JAKARTAHYPE.COM - Bulan Zulhijah memegang status istimewa dalam kalender Hijriah karena termasuk dalam empat bulan haram yang dimuliakan dalam Islam. Ketetapan mengenai bulan-bulan suci ini telah ditegaskan secara eksplisit dalam Al-Qur'an, khususnya pada Surah At Taubah ayat 36.

Keempat bulan haram tersebut, berdasarkan keterangan dari buku Fiqh Al Jihad Dirasah Muqaramah li Ahkamihi wa Falsafatihi fi Dhau' Al-Qur'an wa Al-Sunnah karya Yusuf Qardhawi yang diterjemahkan Irfan Maulana Hakim dkk, meliputi Zulkaidah, Zulhijah, Muharram, dan Rajab.
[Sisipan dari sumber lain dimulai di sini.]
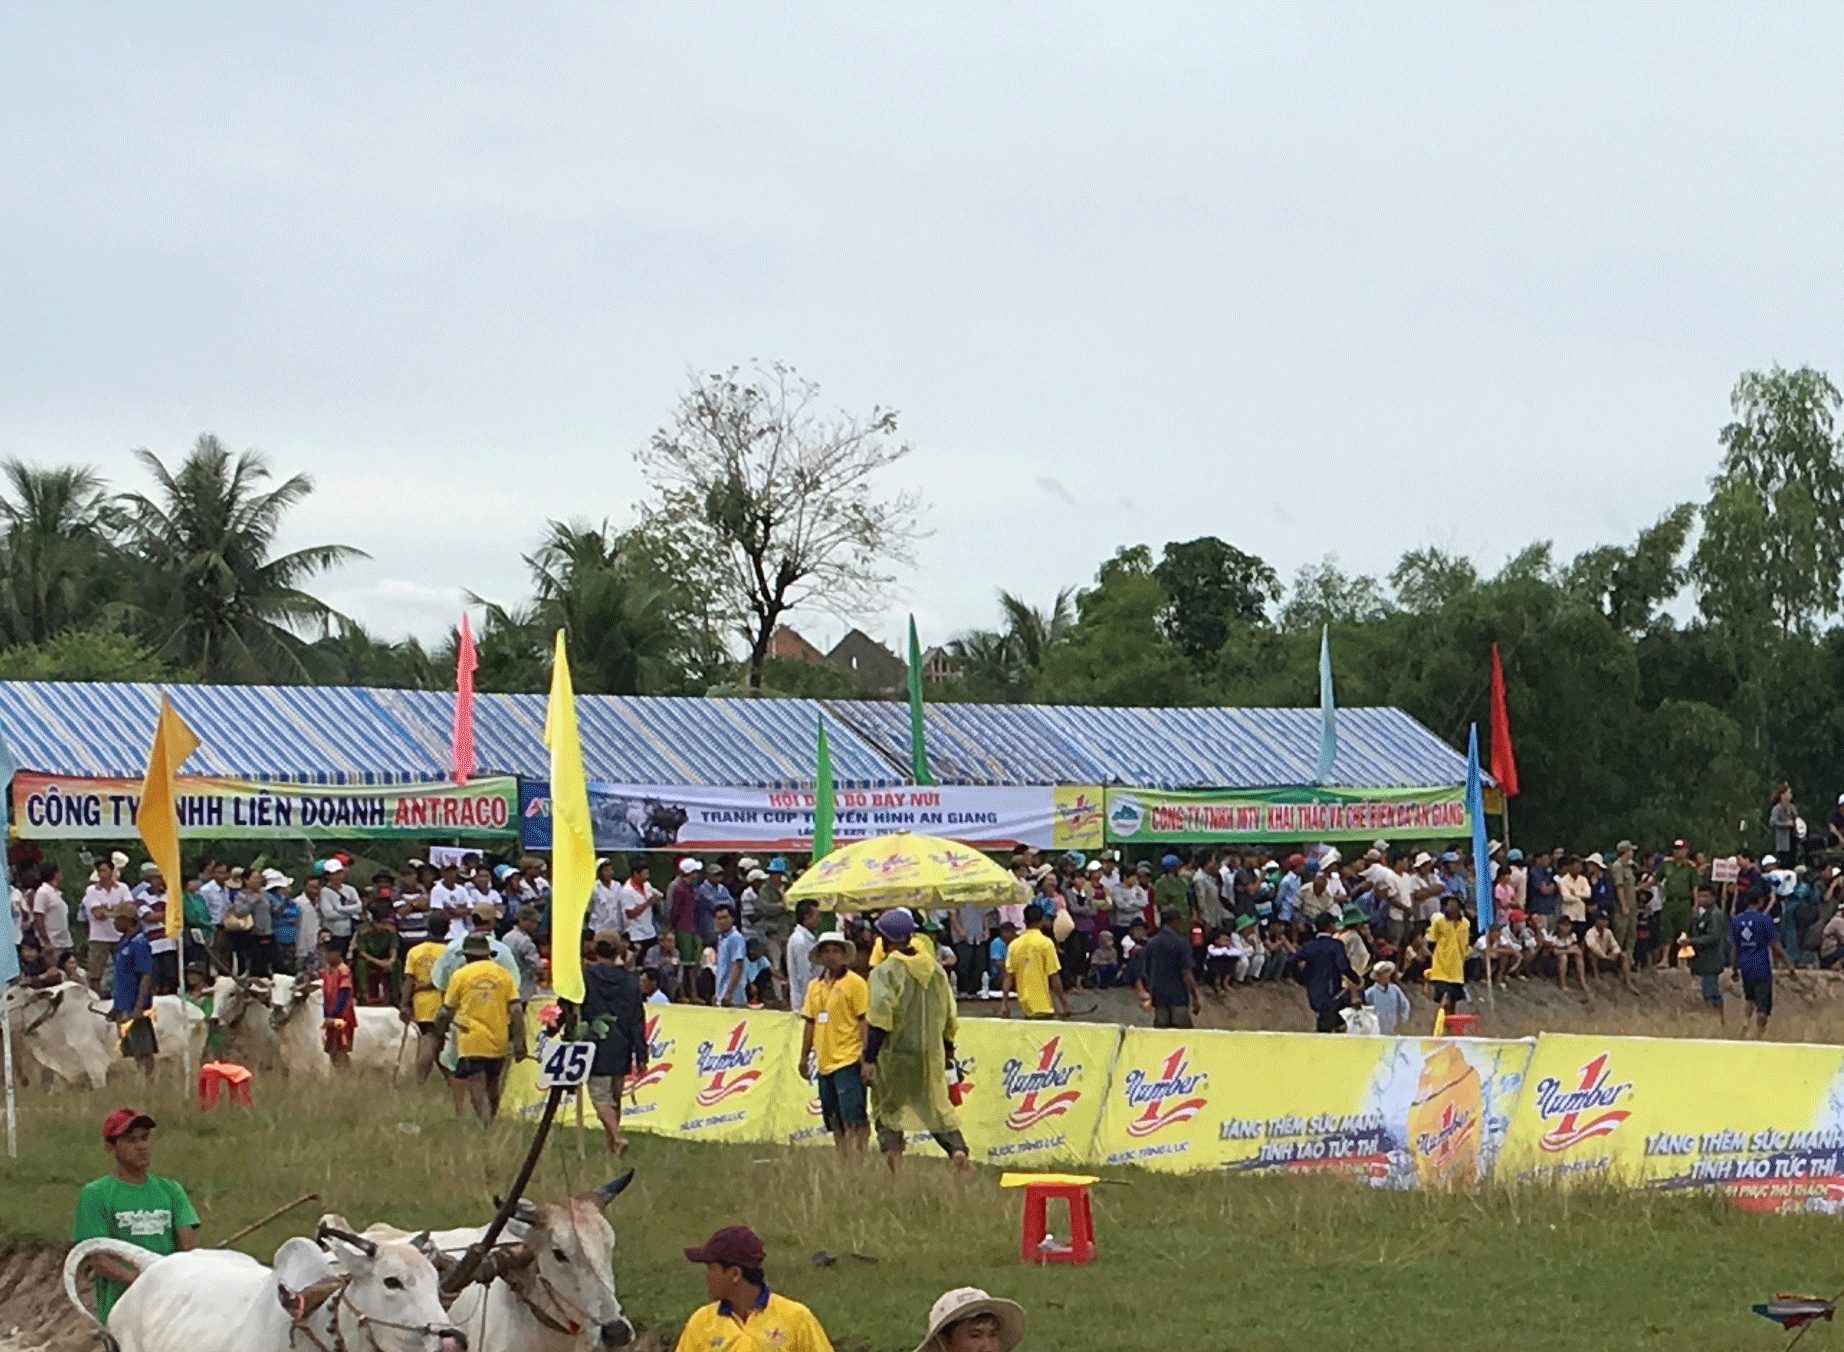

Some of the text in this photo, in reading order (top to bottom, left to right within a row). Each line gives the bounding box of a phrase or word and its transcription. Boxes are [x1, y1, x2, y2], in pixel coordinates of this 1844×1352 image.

[27, 786, 101, 826] CÔNG
[109, 795, 141, 826] TY
[175, 796, 223, 826] NHH
[233, 788, 291, 826] LIÊN
[301, 796, 386, 827] DOANH
[393, 796, 507, 827] ANTRACO
[701, 810, 758, 824] TRANH
[920, 811, 943, 824] AN
[948, 811, 998, 824] GIANG
[543, 1044, 590, 1082] 45
[697, 1020, 763, 1090] Number 1
[1002, 1035, 1082, 1113] Number 1
[1125, 1046, 1208, 1123] Number 1
[1537, 1053, 1633, 1135] Number 1
Dikutip dari Detikcom, ayat tersebut menekankan pentingnya menjaga diri dari perbuatan zalim pada bulan-bulan tersebut.

Kekhususan ini juga diperkuat melalui hadits yang diriwayatkan oleh Abu Bakrah RA, di mana Rasulullah SAW menyebutkan empat bulan haram tersebut. Tiga di antaranya berurutan, yaitu Zulkaidah, Zulhijah, dan Muharram, sementara Rajab berada di antara Jumadil Akhir dan Sya'ban.

Umat Islam diketahui telah memasuki 1 Dzulhijah 1447 H pada tanggal 18 Mei 2026, menandai dimulainya periode penuh berkah ini. Status Zulhijah sebagai bulan haram memberikan keistimewaan spiritual yang signifikan bagi seluruh umat Muslim.

Pendakwah Yahya Zainul Ma'arif menjelaskan bahwa keutamaan terbesar bulan Zulhijah terletak pada sepuluh hari pertamanya. Pada periode ini, berkumpul berbagai ibadah besar yang tidak ditemukan secara bersamaan di bulan lainnya sepanjang tahun.

"Kalau 10 awal Zulhijah lihat ada haji ada kurban ada puasa, puasa Arafah ada, salat juga ada, makanya kelebihan 10 (hari) awal Zulhijah adalah di situ tersimpulkan semua ibadah yang bertebaran di sepanjang satu tahun tersimpulkan di 10 awal Zulhijah. Bahkan lebih dari itu, ada amalan yang hanya adanya di awal 10 (hari) Zulhijah, haji sama menyembelih kurban kemudian di situ juga ada puasa," ujar Yahya Zainul Ma'arif.

Keagungan sepuluh hari awal Zulhijah juga ditegaskan dalam hadits riwayat Bukhari, yang menunjukkan tingginya nilai amal kebajikan pada waktu tersebut. "Tidak ada hari-hari yang lebih dicintai oleh Allah untuk beramal kebajikan melebihi dari 10 hari awal Zulhijah," sabda Nabi Muhammad SAW.

Sahabat kemudian bertanya mengenai jihad, dan Rasulullah SAW menjawab, "Jihad pun tidak bisa menyamainya, kecuali seseorang keluar berjihad dengan membawa harta dan nyawanya lalu ia tidak kembali lagi," (HR Bukhari).

Selain itu, umat Islam dianjurkan untuk mengintensifkan zikir, seperti tahlil, tahmid, tasbih, dan takbir, sebagaimana sabda Rasulullah SAW. "Tidak ada hari-hari yang lebih agung di hadapan Allah dan lebih dicintai oleh Allah untuk melakukan amal kebajikan melebihi dari hari-hari di 10 awal Zulhijah. Maka perbanyaklah membaca tahlil, tahmid, tasbih, dan takbir," (HR. Ahmad).